# [The problem]
Would you transcribe the line containing "Some of the text" and every line after it, through the end of the records below, exactly and with nothing else?

==== Raw data

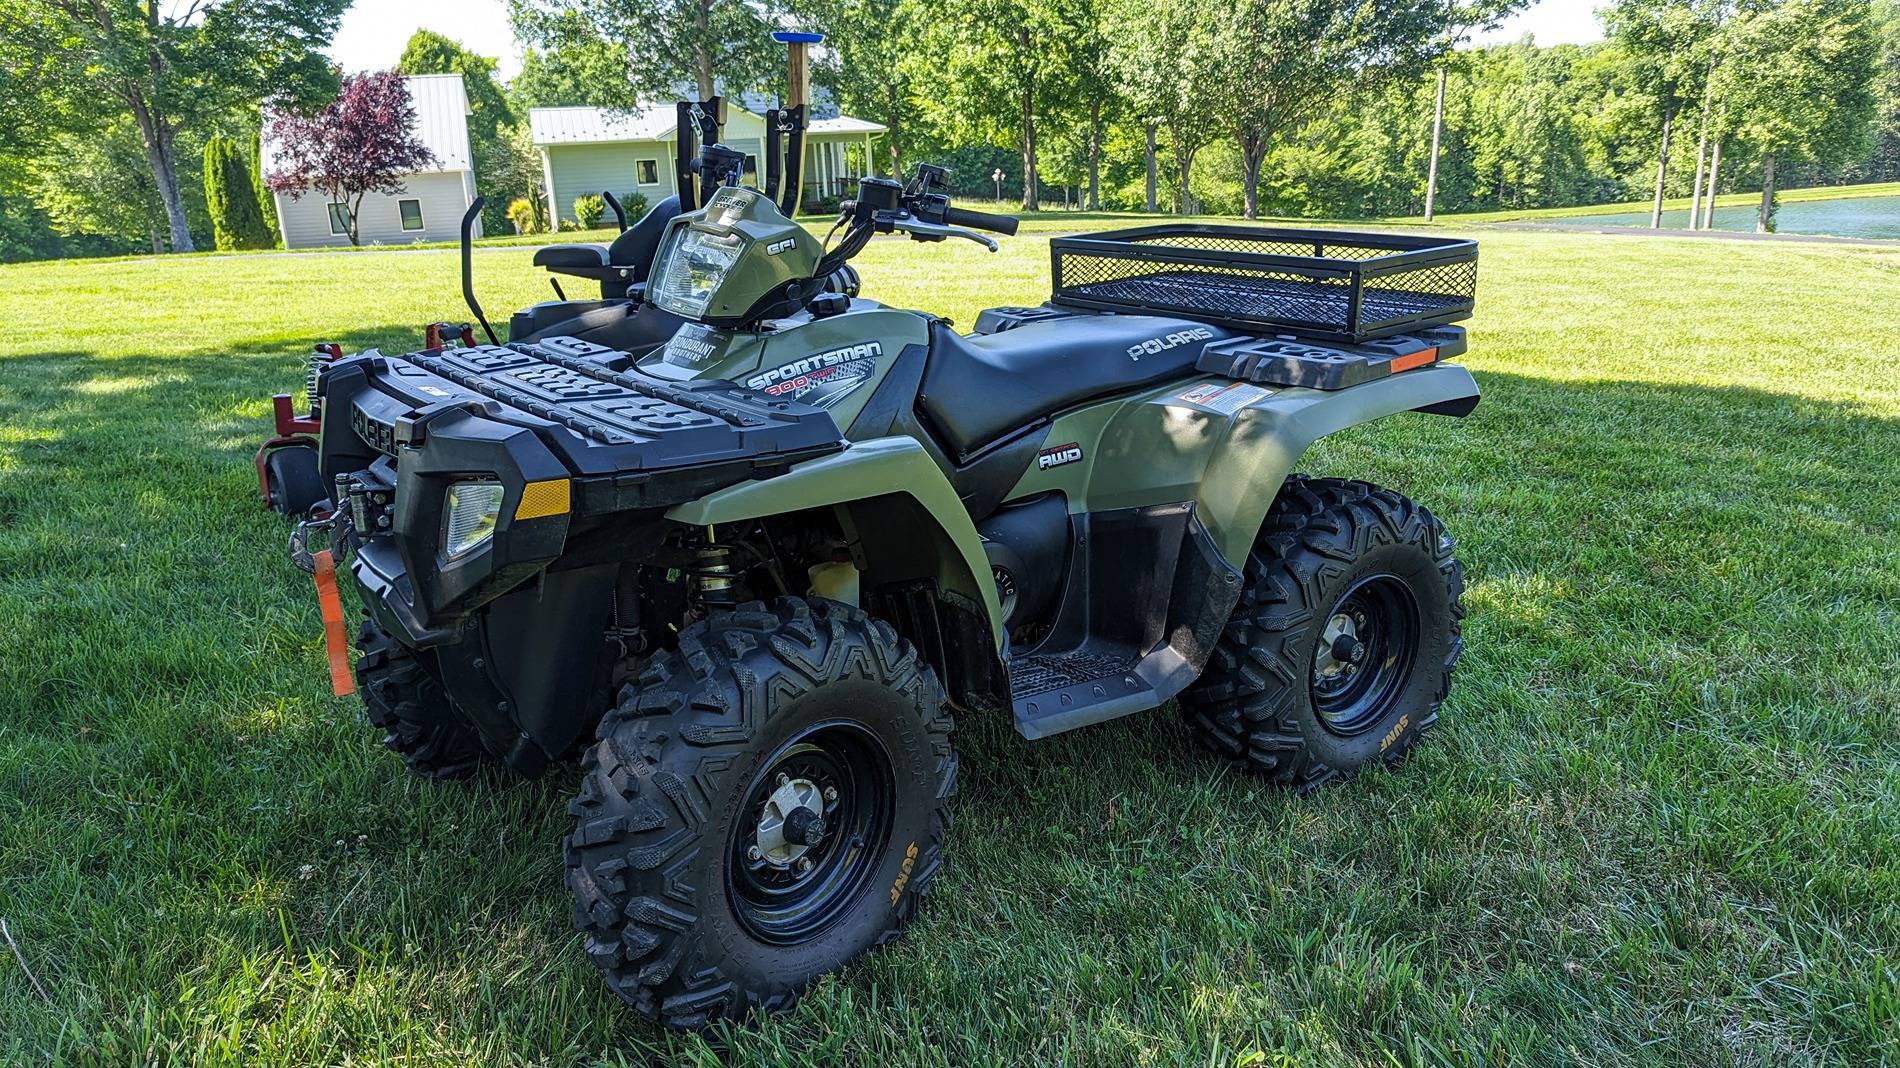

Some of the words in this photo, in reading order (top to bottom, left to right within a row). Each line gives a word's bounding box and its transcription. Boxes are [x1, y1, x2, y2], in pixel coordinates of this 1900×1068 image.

[767, 238, 796, 255] EFI
[1127, 328, 1214, 361] POLARIS
[747, 342, 882, 391] SPORTSMAN
[1039, 448, 1082, 469] AWD
[1379, 713, 1409, 753] SUNF
[890, 841, 919, 908] SUNF
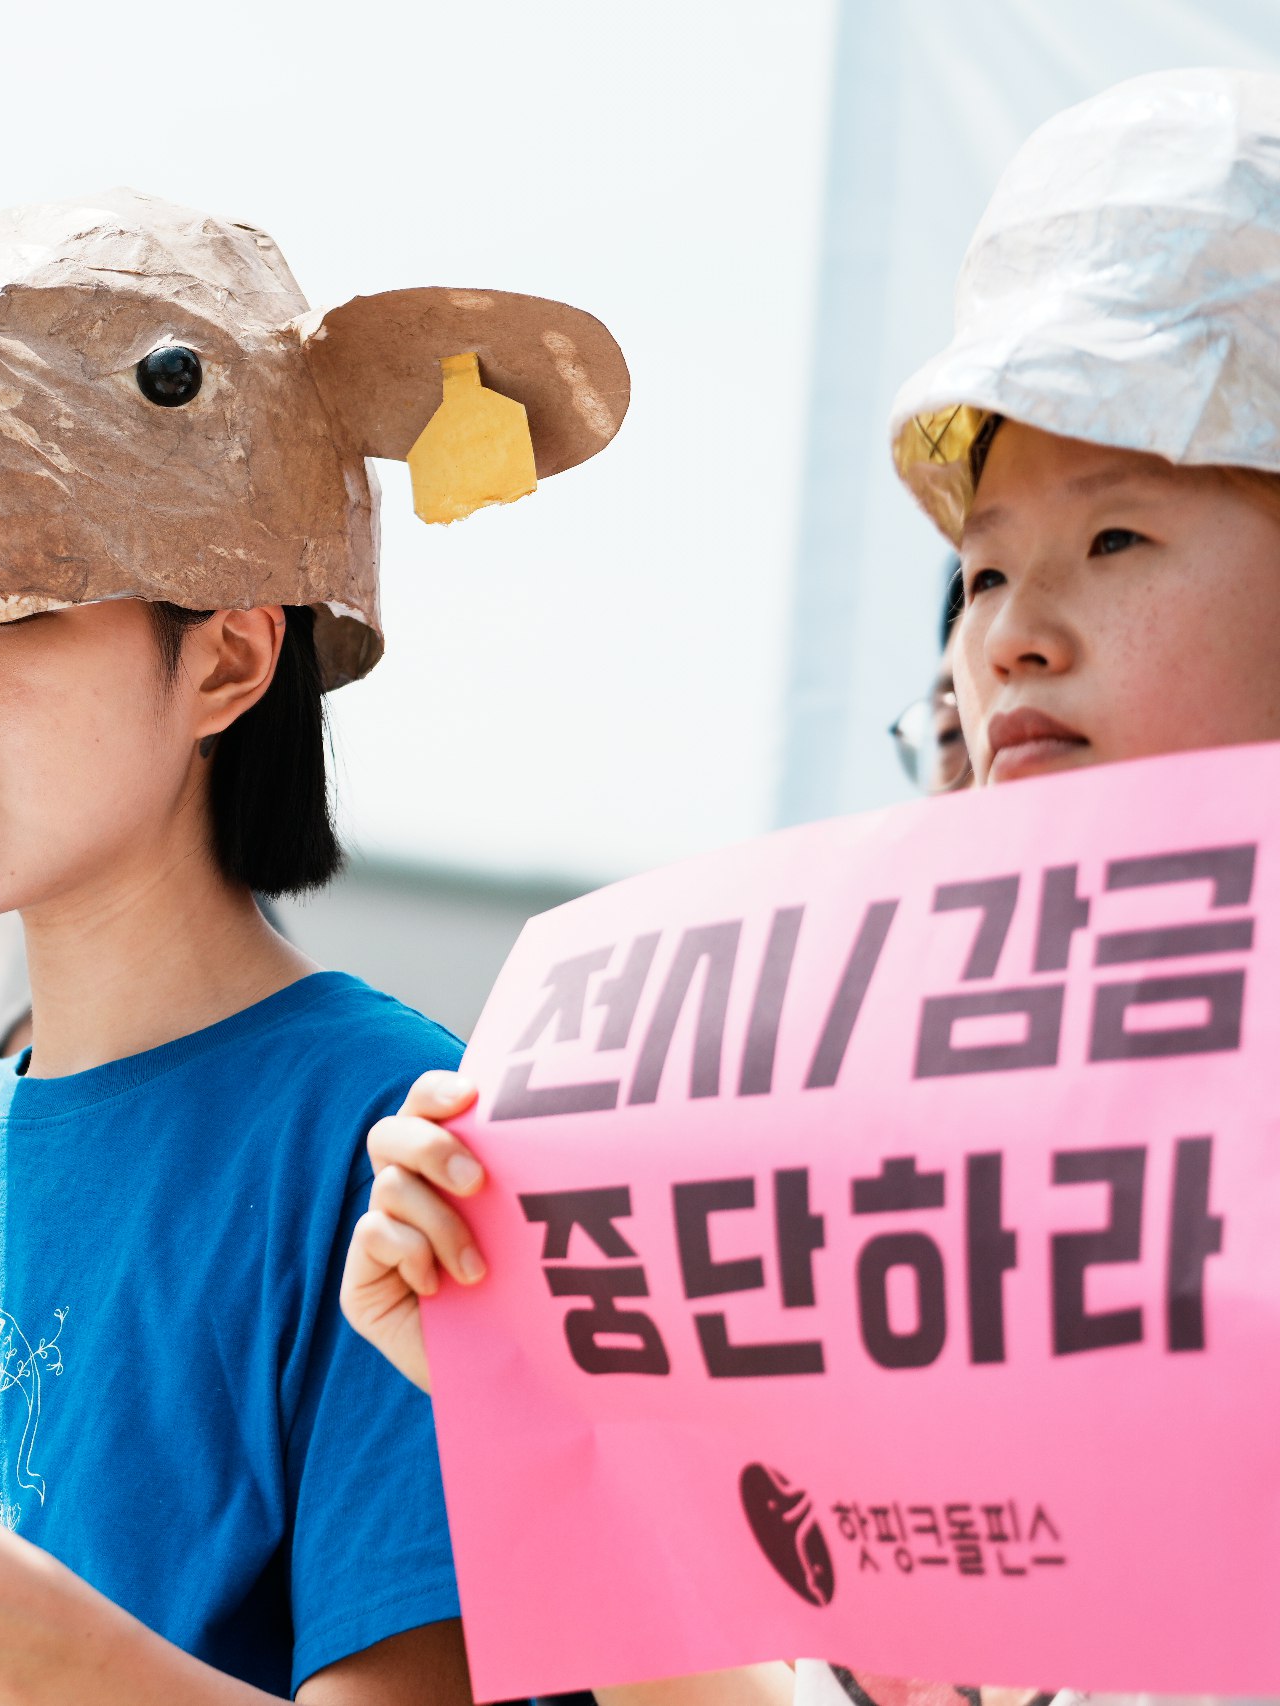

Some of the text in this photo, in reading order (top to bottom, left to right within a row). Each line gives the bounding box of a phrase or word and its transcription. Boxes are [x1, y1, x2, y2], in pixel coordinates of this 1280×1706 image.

[488, 843, 1258, 1123] 전시/감금
[516, 1134, 1225, 1380] 중단하라
[831, 1502, 1067, 1577] 핫핑크돌핀스

========

# [Answer to this task]
Some of the text in this photo, in reading order (top to bottom, left to right within a row). Each line gives the bounding box of a phrase or word and its transcription. Boxes are [x1, y1, x2, y2], in pixel coordinates of this 1280×1706 image.

[488, 843, 1258, 1123] 전시/감금
[516, 1134, 1225, 1380] 중단하라
[831, 1502, 1067, 1577] 핫핑크돌핀스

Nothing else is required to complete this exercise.